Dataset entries
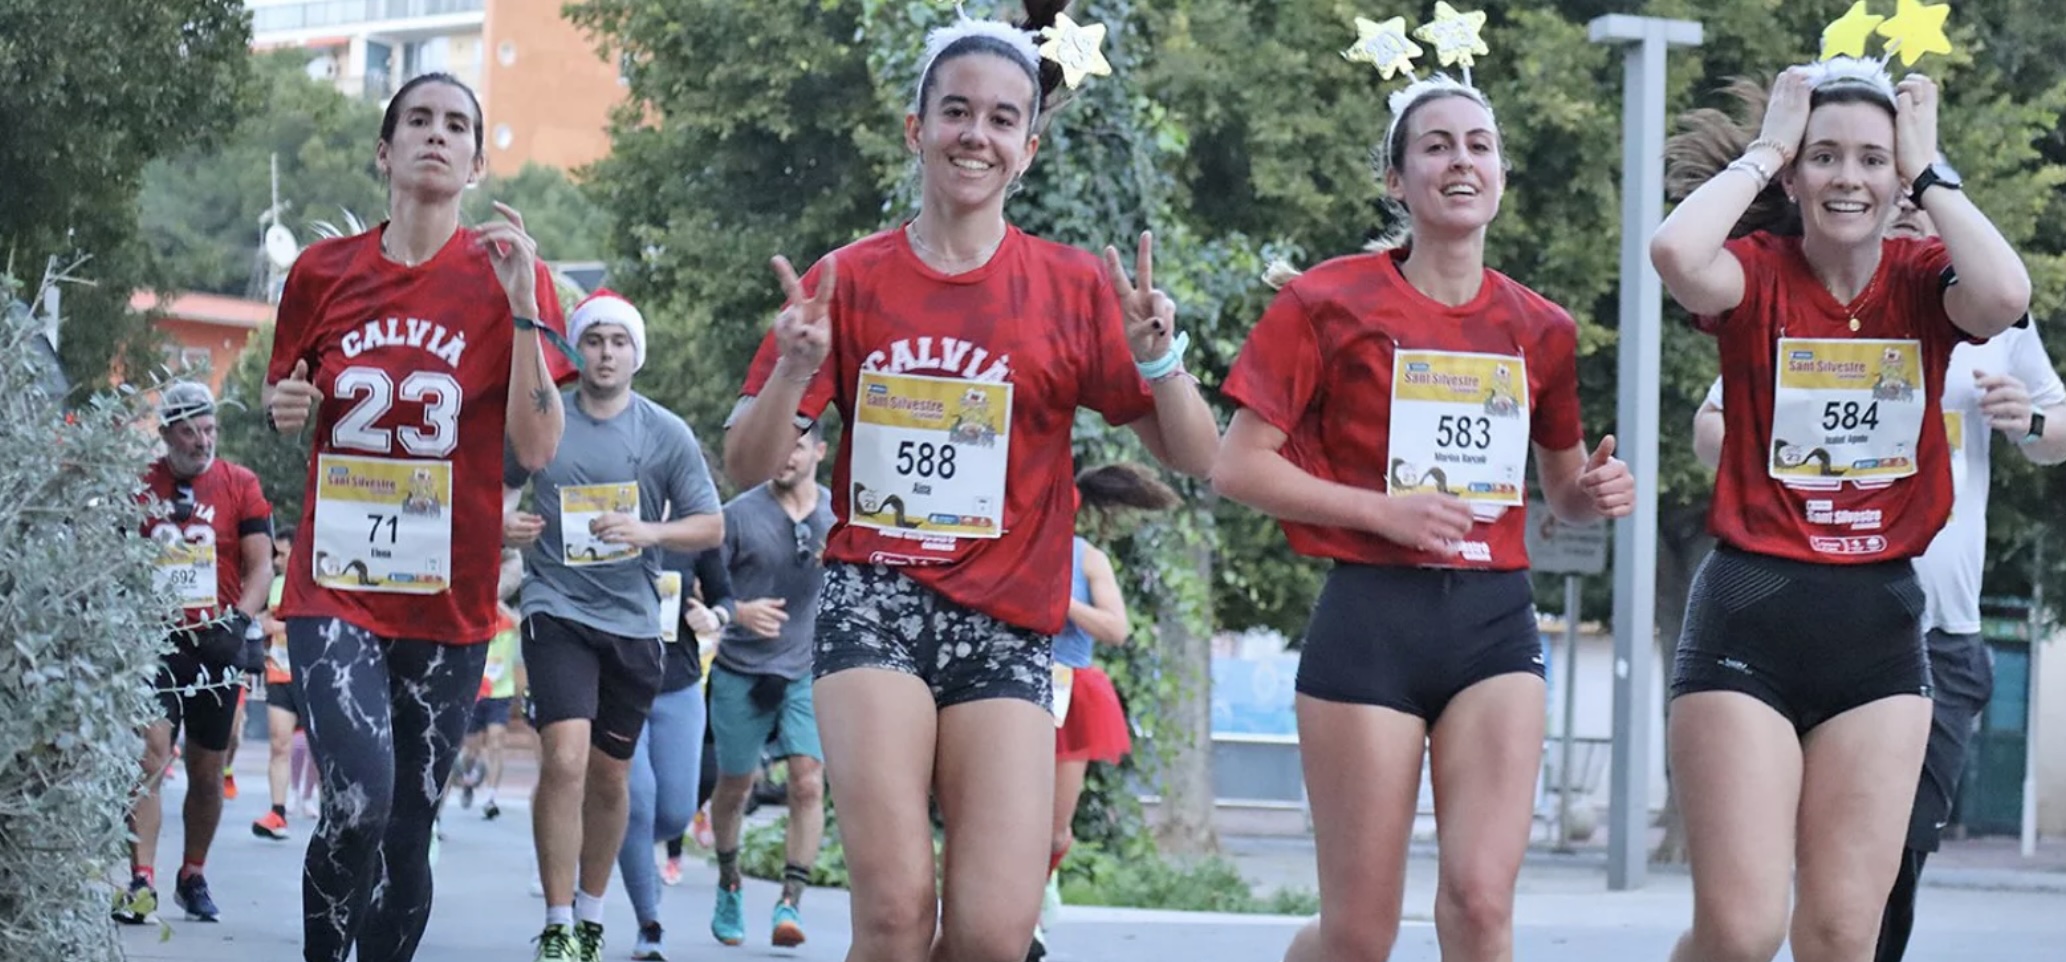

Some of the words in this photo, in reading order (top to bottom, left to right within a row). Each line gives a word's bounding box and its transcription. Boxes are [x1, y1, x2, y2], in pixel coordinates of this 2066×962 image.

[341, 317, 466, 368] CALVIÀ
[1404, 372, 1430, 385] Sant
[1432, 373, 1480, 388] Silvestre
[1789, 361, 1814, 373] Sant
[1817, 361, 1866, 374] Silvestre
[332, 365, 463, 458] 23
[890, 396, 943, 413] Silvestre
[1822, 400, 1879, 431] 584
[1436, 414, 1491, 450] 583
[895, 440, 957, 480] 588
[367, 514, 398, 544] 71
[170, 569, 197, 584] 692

§ About this task
All the records need to be set down word for word, with the images left out.

§ Solution to this task
Some of the words in this photo, in reading order (top to bottom, left to right within a row). Each line gives a word's bounding box and its transcription. Boxes are [x1, y1, x2, y2], in pixel coordinates of this 2066×962 image.

[341, 317, 466, 368] CALVIÀ
[1404, 372, 1430, 385] Sant
[1432, 373, 1480, 388] Silvestre
[1789, 361, 1814, 373] Sant
[1817, 361, 1866, 374] Silvestre
[332, 365, 463, 458] 23
[890, 396, 943, 413] Silvestre
[1822, 400, 1879, 431] 584
[1436, 414, 1491, 450] 583
[895, 440, 957, 480] 588
[367, 514, 398, 544] 71
[170, 569, 197, 584] 692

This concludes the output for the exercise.